## Requirement
Your copy should match the listing word for word, apart from the pictures, which are left out.

[Excerpted records Boundary: Start]

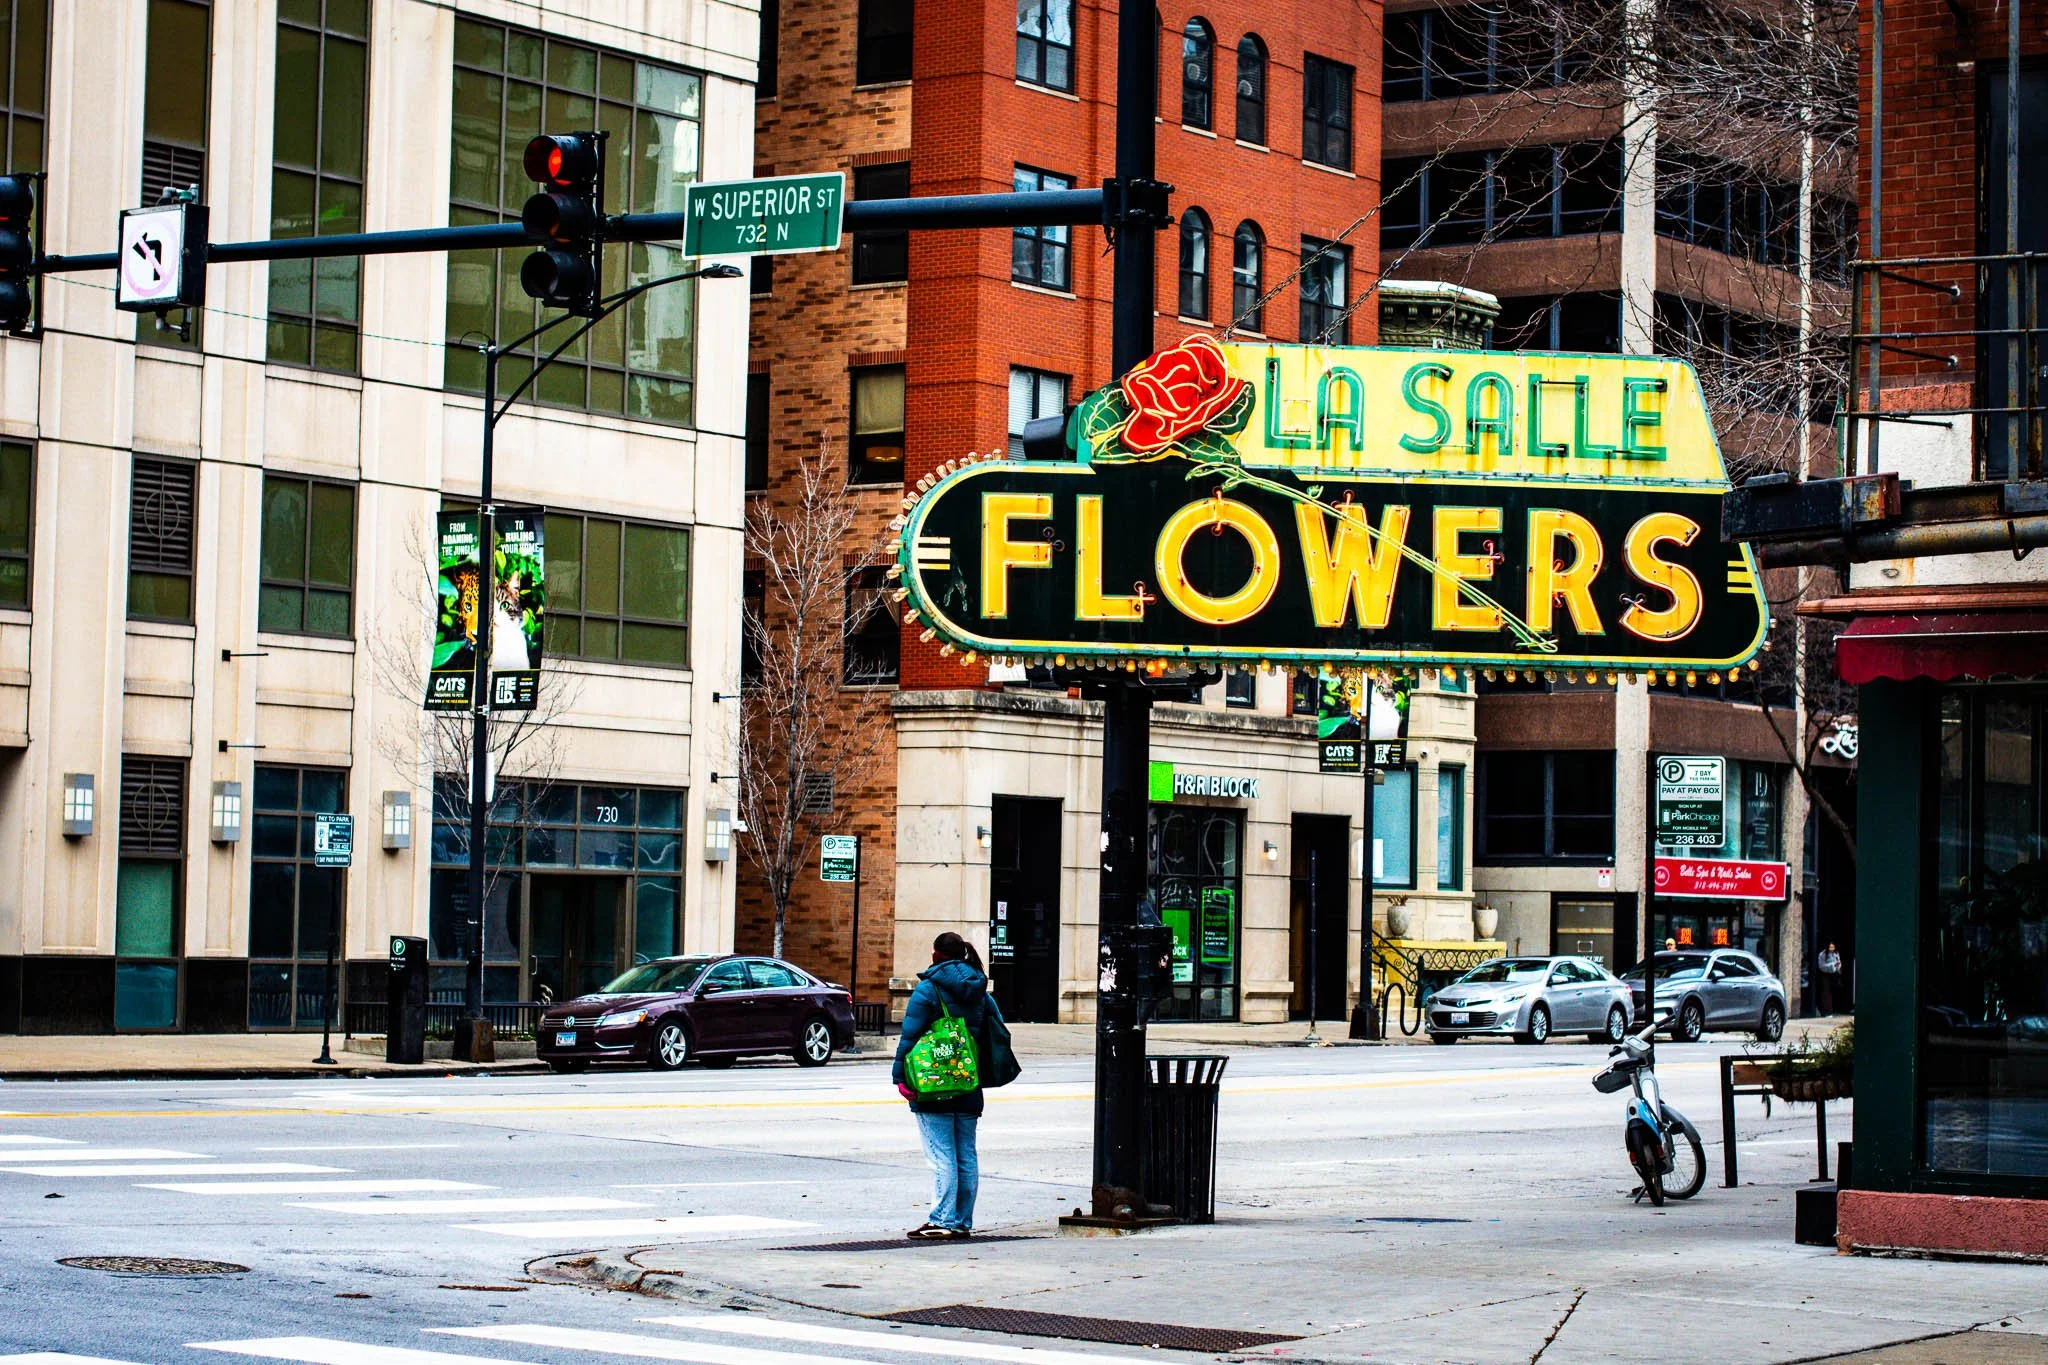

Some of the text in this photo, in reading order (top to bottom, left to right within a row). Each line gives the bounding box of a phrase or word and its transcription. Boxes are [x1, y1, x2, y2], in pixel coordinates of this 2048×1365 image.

[694, 186, 835, 220] W SUPERIOR ST
[735, 222, 789, 244] 732 N
[1264, 357, 1667, 462] LA SALLE
[449, 522, 466, 533] FROM
[515, 520, 524, 531] TO
[442, 533, 473, 545] ROAMING
[505, 531, 534, 542] RULING
[501, 543, 518, 554] YOUR
[980, 492, 1703, 643] FLOWERS
[435, 677, 467, 692] CATS
[1325, 745, 1354, 757] CATS
[1174, 773, 1259, 799] H&R BLOCK
[597, 806, 618, 823] 730
[1671, 812, 1720, 823] ParkChicago
[1675, 835, 1716, 844] 236 403
[1696, 865, 1709, 880] Spa
[1710, 868, 1717, 878] &
[1717, 866, 1734, 880] Nails
[1734, 866, 1752, 880] Salon
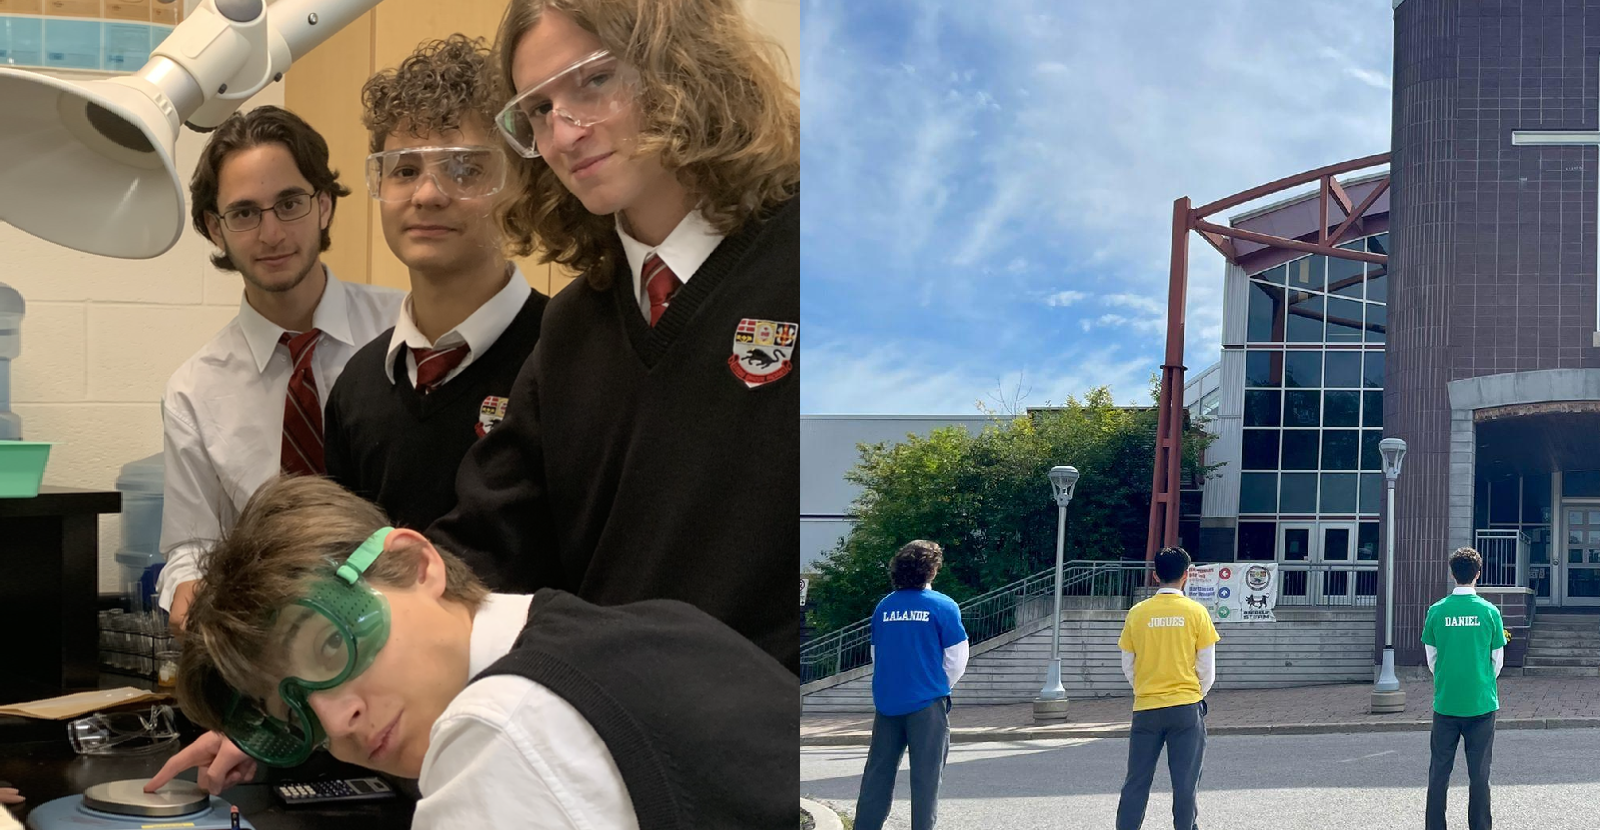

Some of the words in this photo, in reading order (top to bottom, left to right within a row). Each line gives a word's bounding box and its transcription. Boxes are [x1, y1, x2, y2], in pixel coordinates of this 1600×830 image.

[883, 611, 930, 622] LALANDE
[1148, 616, 1184, 627] JOGUES
[1445, 616, 1480, 626] DANIEL
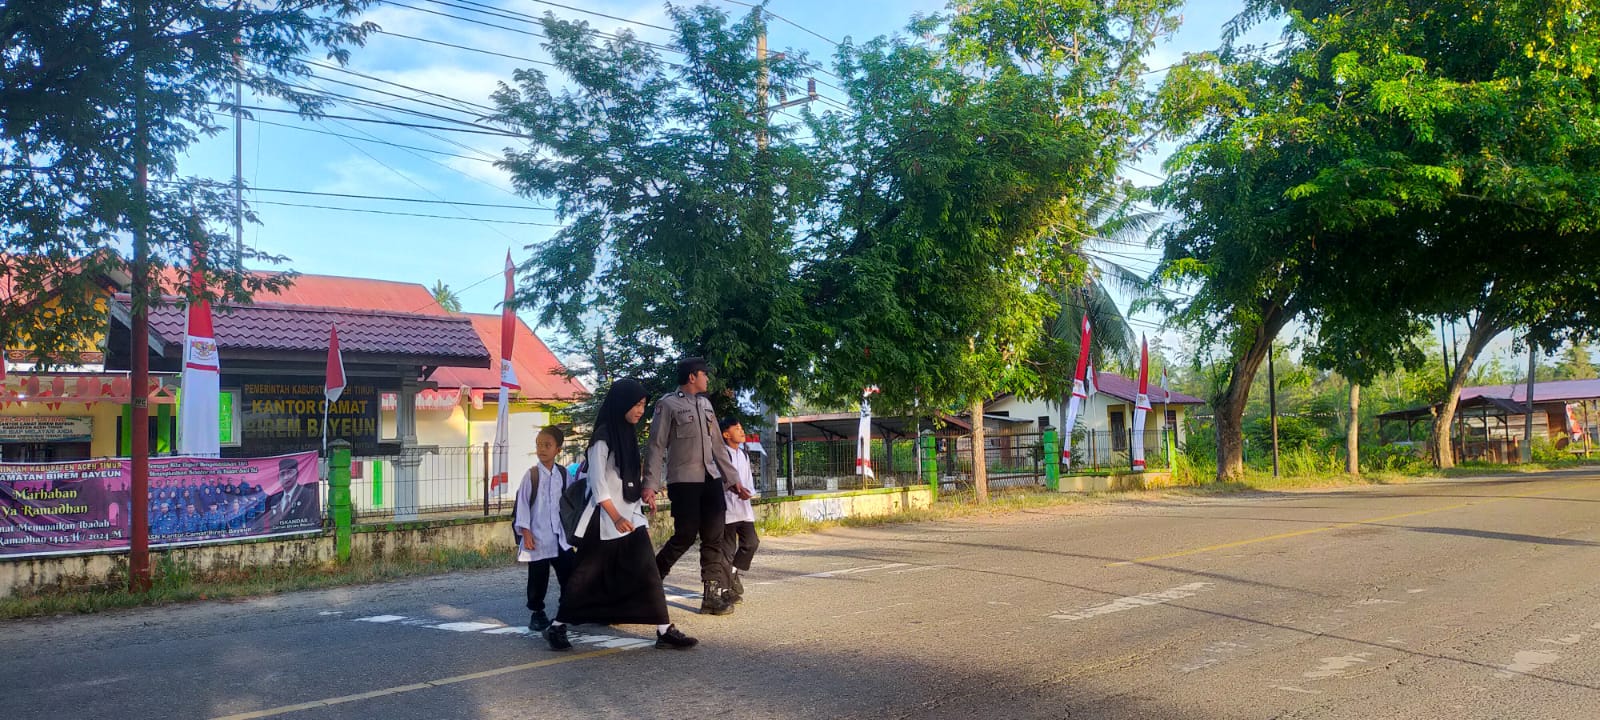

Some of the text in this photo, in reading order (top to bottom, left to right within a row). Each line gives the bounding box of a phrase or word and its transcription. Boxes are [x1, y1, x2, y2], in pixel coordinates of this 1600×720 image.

[245, 384, 290, 395] PEMERINTAH
[293, 384, 324, 395] KABUPAT
[355, 384, 375, 395] TIMUR
[252, 400, 369, 414] KANTOR CAMAT
[245, 418, 375, 438] BIREM BAYEUN
[30, 464, 75, 472] KABUPATEN
[46, 472, 79, 480] BIREM
[81, 470, 122, 478] BAYEUN
[13, 488, 77, 500] Marhaban
[2, 503, 88, 518] Ya Ramadhan
[17, 521, 76, 532] Menunaikan
[77, 519, 110, 529] Ibadah
[279, 518, 308, 526] ISKANDAR
[49, 534, 70, 544] 1445
[71, 531, 80, 542] H
[88, 531, 109, 542] 2024
[110, 529, 123, 539] M
[228, 527, 252, 535] Bayeun

[Excerpted records Boundary: End]

## Output for this exercise
Some of the text in this photo, in reading order (top to bottom, left to right within a row). Each line gives the bounding box of a phrase or word and its transcription. Boxes are [x1, y1, x2, y2], in pixel coordinates of this 2048×1365 image.

[694, 186, 835, 220] W SUPERIOR ST
[735, 222, 789, 244] 732 N
[1264, 357, 1667, 462] LA SALLE
[449, 522, 466, 533] FROM
[515, 520, 524, 531] TO
[442, 533, 473, 545] ROAMING
[505, 531, 534, 542] RULING
[501, 543, 518, 554] YOUR
[980, 492, 1703, 643] FLOWERS
[435, 677, 467, 692] CATS
[1325, 745, 1354, 757] CATS
[1174, 773, 1259, 799] H&R BLOCK
[597, 806, 618, 823] 730
[1671, 812, 1720, 823] ParkChicago
[1675, 835, 1716, 844] 236 403
[1696, 865, 1709, 880] Spa
[1710, 868, 1717, 878] &
[1717, 866, 1734, 880] Nails
[1734, 866, 1752, 880] Salon

Some of the words in this photo, in reading order (top to bottom, left to right within a row). Each line gives a word's bounding box and its transcription. Boxes are [x1, y1, x2, y2], in pixel coordinates of this 1600×830 image.

[883, 611, 930, 622] LALANDE
[1148, 616, 1184, 627] JOGUES
[1445, 616, 1480, 626] DANIEL

Some of the text in this photo, in reading order (top to bottom, left to right within a row). Each line gives the bounding box of a phrase or word and its transcription. Boxes are [x1, y1, x2, y2], in pixel coordinates of this 1600×720 image.

[245, 384, 290, 395] PEMERINTAH
[293, 384, 324, 395] KABUPAT
[355, 384, 375, 395] TIMUR
[252, 400, 369, 414] KANTOR CAMAT
[245, 418, 375, 438] BIREM BAYEUN
[30, 464, 75, 472] KABUPATEN
[46, 472, 79, 480] BIREM
[81, 470, 122, 478] BAYEUN
[13, 488, 77, 500] Marhaban
[2, 503, 88, 518] Ya Ramadhan
[17, 521, 76, 532] Menunaikan
[77, 519, 110, 529] Ibadah
[279, 518, 308, 526] ISKANDAR
[49, 534, 70, 544] 1445
[71, 531, 80, 542] H
[88, 531, 109, 542] 2024
[110, 529, 123, 539] M
[228, 527, 252, 535] Bayeun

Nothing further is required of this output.